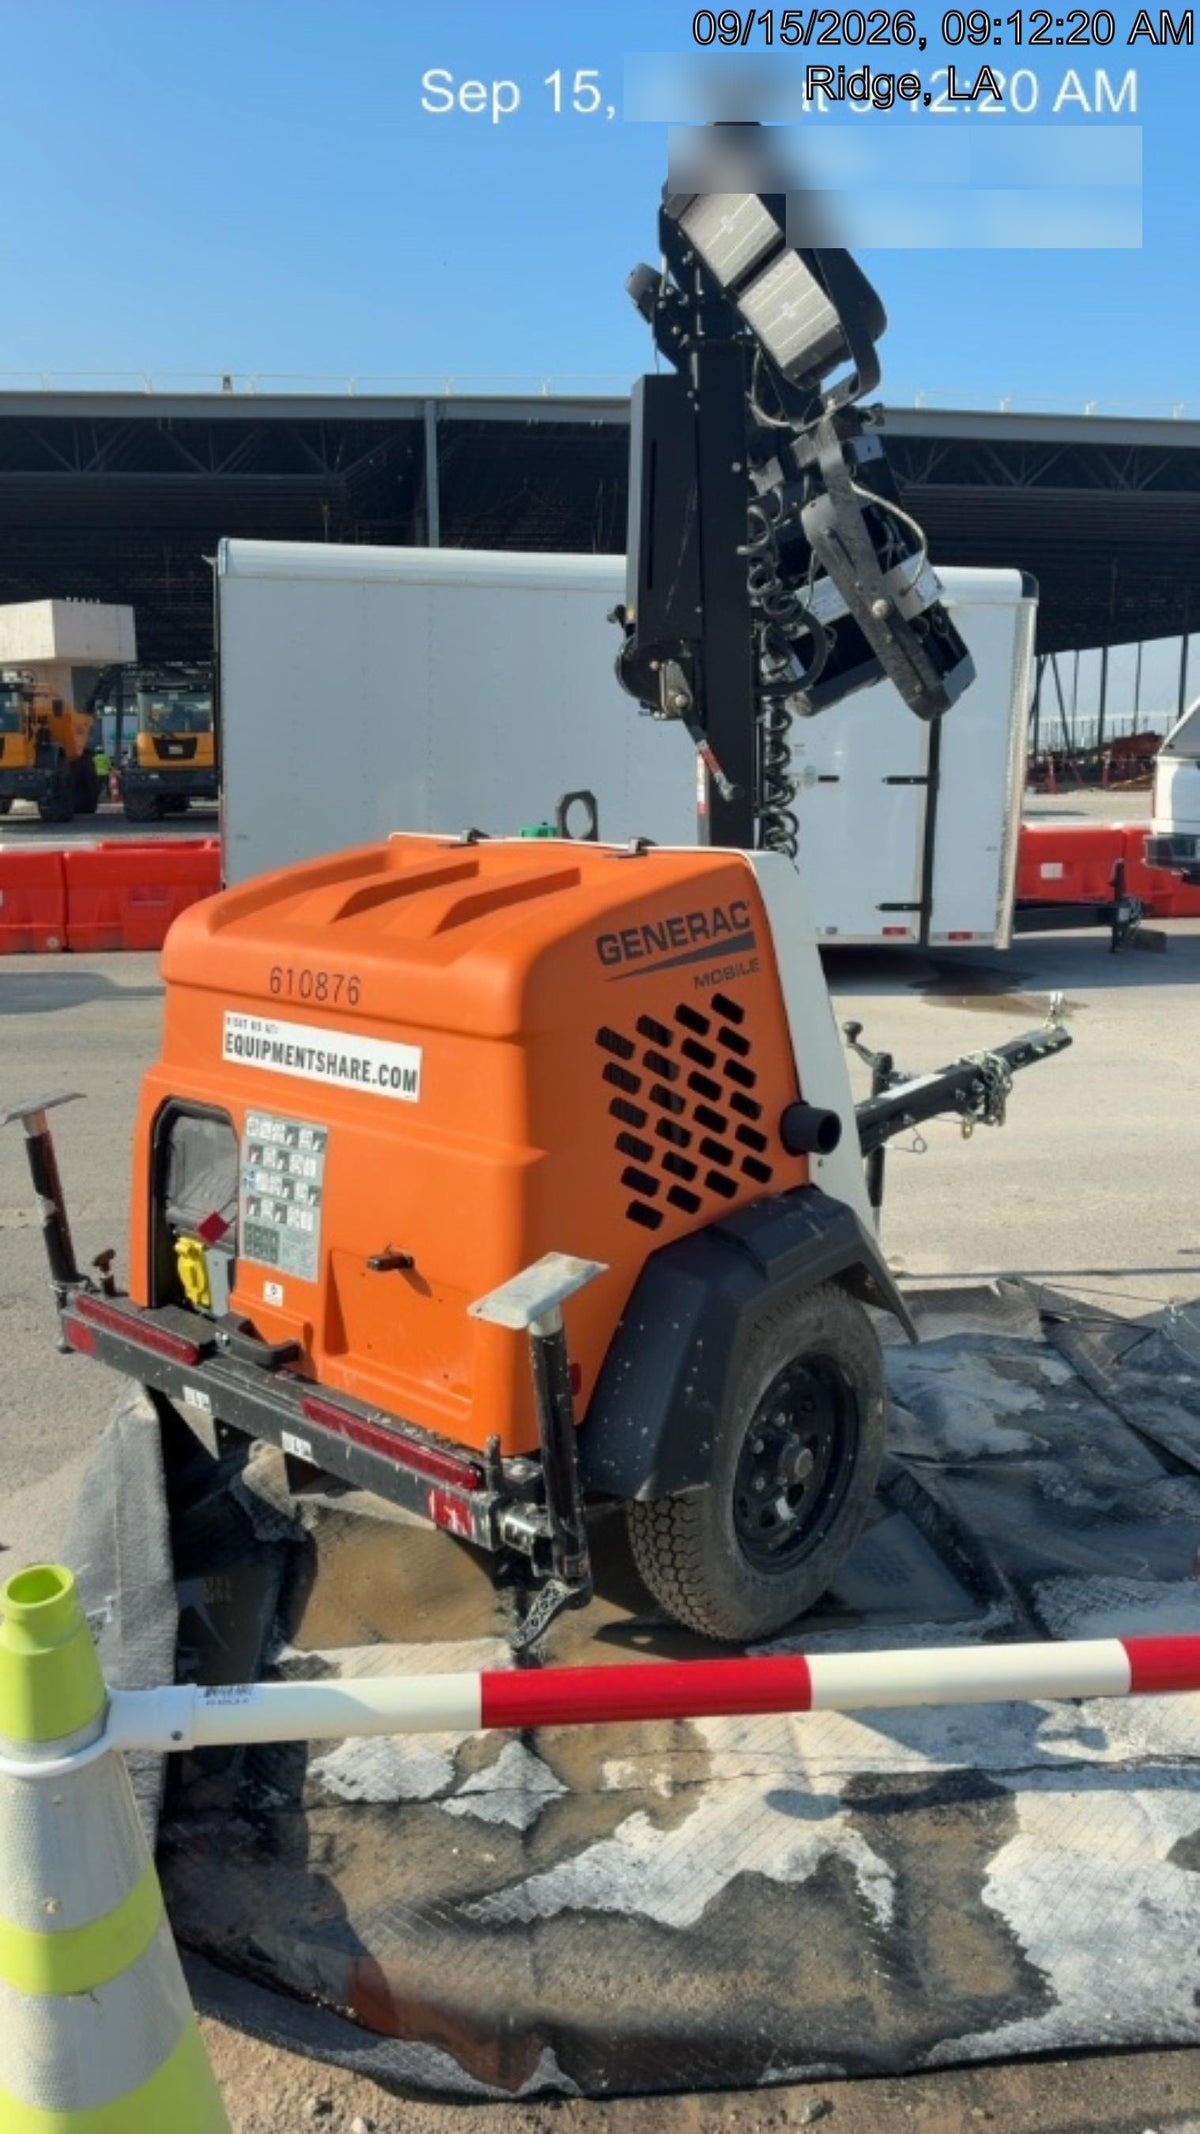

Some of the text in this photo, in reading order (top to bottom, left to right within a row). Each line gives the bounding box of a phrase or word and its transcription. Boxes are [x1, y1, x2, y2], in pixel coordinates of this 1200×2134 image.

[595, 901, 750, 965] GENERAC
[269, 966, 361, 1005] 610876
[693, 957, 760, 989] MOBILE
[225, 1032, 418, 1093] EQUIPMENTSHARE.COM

§ ABOUT THIS TASK
Skipping any images, write out all the data exactly.

§ WRITTEN ANSWER
Some of the text in this photo, in reading order (top to bottom, left to right within a row). Each line gives the bounding box of a phrase or word and its transcription. Boxes are [x1, y1, x2, y2], in pixel coordinates of this 1200×2134 image.

[595, 901, 750, 965] GENERAC
[269, 966, 361, 1005] 610876
[693, 957, 760, 989] MOBILE
[225, 1032, 418, 1093] EQUIPMENTSHARE.COM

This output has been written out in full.